§ TASK PROMPT
The answer should contain all of the records below, each one copied word for word.

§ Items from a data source
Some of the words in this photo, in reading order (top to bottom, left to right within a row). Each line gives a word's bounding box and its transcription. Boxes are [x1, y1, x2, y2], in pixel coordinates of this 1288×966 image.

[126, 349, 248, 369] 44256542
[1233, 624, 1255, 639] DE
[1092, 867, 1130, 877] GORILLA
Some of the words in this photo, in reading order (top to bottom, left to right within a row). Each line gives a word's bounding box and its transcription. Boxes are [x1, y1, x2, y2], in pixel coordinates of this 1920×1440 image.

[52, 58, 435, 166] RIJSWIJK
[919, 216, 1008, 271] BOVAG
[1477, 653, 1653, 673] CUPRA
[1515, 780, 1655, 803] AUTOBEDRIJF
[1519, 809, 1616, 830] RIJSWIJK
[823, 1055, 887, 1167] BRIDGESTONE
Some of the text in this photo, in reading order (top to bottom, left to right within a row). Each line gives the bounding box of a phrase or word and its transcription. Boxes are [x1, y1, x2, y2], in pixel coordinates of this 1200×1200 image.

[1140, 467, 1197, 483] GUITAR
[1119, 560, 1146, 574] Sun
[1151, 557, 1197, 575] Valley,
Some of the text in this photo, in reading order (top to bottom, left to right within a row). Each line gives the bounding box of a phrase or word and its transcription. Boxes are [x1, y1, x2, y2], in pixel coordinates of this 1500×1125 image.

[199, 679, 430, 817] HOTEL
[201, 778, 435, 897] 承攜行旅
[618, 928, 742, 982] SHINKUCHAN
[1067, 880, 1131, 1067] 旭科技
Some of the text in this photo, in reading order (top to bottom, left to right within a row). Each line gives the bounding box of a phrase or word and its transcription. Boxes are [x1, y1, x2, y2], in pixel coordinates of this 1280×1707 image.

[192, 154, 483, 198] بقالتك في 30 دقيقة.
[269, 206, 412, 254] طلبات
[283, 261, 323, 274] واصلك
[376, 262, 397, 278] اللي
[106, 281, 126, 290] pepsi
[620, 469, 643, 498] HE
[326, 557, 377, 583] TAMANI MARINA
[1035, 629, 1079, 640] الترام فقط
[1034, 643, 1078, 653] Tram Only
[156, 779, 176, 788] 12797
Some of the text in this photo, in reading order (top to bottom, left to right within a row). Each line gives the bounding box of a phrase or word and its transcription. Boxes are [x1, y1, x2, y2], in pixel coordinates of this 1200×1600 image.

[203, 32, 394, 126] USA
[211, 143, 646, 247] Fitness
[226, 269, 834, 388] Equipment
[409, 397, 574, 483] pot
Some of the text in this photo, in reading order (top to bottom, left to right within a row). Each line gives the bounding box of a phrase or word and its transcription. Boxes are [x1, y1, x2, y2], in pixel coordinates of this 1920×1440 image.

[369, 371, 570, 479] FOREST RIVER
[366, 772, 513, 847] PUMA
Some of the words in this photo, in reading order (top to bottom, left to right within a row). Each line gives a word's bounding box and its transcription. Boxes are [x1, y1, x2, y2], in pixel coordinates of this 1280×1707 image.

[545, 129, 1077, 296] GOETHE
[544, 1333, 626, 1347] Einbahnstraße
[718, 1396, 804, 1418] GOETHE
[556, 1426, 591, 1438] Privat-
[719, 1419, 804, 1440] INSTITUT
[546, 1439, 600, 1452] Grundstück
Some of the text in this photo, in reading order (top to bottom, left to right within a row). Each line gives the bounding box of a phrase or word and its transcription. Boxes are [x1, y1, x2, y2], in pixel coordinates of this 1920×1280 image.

§ ANSWER SECTION
Some of the words in this photo, in reading order (top to bottom, left to right within a row). Each line gives a word's bounding box and its transcription. Boxes are [x1, y1, x2, y2], in pixel coordinates of this 1288×966 image.

[126, 349, 248, 369] 44256542
[1233, 624, 1255, 639] DE
[1092, 867, 1130, 877] GORILLA
Some of the words in this photo, in reading order (top to bottom, left to right within a row). Each line gives a word's bounding box and its transcription. Boxes are [x1, y1, x2, y2], in pixel coordinates of this 1920×1440 image.

[52, 58, 435, 166] RIJSWIJK
[919, 216, 1008, 271] BOVAG
[1477, 653, 1653, 673] CUPRA
[1515, 780, 1655, 803] AUTOBEDRIJF
[1519, 809, 1616, 830] RIJSWIJK
[823, 1055, 887, 1167] BRIDGESTONE
Some of the text in this photo, in reading order (top to bottom, left to right within a row). Each line gives the bounding box of a phrase or word and its transcription. Boxes are [x1, y1, x2, y2], in pixel coordinates of this 1200×1200 image.

[1140, 467, 1197, 483] GUITAR
[1119, 560, 1146, 574] Sun
[1151, 557, 1197, 575] Valley,
Some of the text in this photo, in reading order (top to bottom, left to right within a row). Each line gives the bounding box of a phrase or word and its transcription. Boxes are [x1, y1, x2, y2], in pixel coordinates of this 1500×1125 image.

[199, 679, 430, 817] HOTEL
[201, 778, 435, 897] 承攜行旅
[618, 928, 742, 982] SHINKUCHAN
[1067, 880, 1131, 1067] 旭科技
Some of the text in this photo, in reading order (top to bottom, left to right within a row). Each line gives the bounding box of a phrase or word and its transcription. Boxes are [x1, y1, x2, y2], in pixel coordinates of this 1280×1707 image.

[192, 154, 483, 198] بقالتك في 30 دقيقة.
[269, 206, 412, 254] طلبات
[283, 261, 323, 274] واصلك
[376, 262, 397, 278] اللي
[106, 281, 126, 290] pepsi
[620, 469, 643, 498] HE
[326, 557, 377, 583] TAMANI MARINA
[1035, 629, 1079, 640] الترام فقط
[1034, 643, 1078, 653] Tram Only
[156, 779, 176, 788] 12797
Some of the text in this photo, in reading order (top to bottom, left to right within a row). Each line gives the bounding box of a phrase or word and its transcription. Boxes are [x1, y1, x2, y2], in pixel coordinates of this 1200×1600 image.

[203, 32, 394, 126] USA
[211, 143, 646, 247] Fitness
[226, 269, 834, 388] Equipment
[409, 397, 574, 483] pot
Some of the text in this photo, in reading order (top to bottom, left to right within a row). Each line gives the bounding box of a phrase or word and its transcription. Boxes are [x1, y1, x2, y2], in pixel coordinates of this 1920×1440 image.

[369, 371, 570, 479] FOREST RIVER
[366, 772, 513, 847] PUMA
Some of the words in this photo, in reading order (top to bottom, left to right within a row). Each line gives a word's bounding box and its transcription. Boxes are [x1, y1, x2, y2], in pixel coordinates of this 1280×1707 image.

[545, 129, 1077, 296] GOETHE
[544, 1333, 626, 1347] Einbahnstraße
[718, 1396, 804, 1418] GOETHE
[556, 1426, 591, 1438] Privat-
[719, 1419, 804, 1440] INSTITUT
[546, 1439, 600, 1452] Grundstück
Some of the text in this photo, in reading order (top to bottom, left to right within a row). Each line gives the bounding box of a phrase or word and its transcription. Boxes are [x1, y1, x2, y2], in pixel coordinates of this 1920×1280 image.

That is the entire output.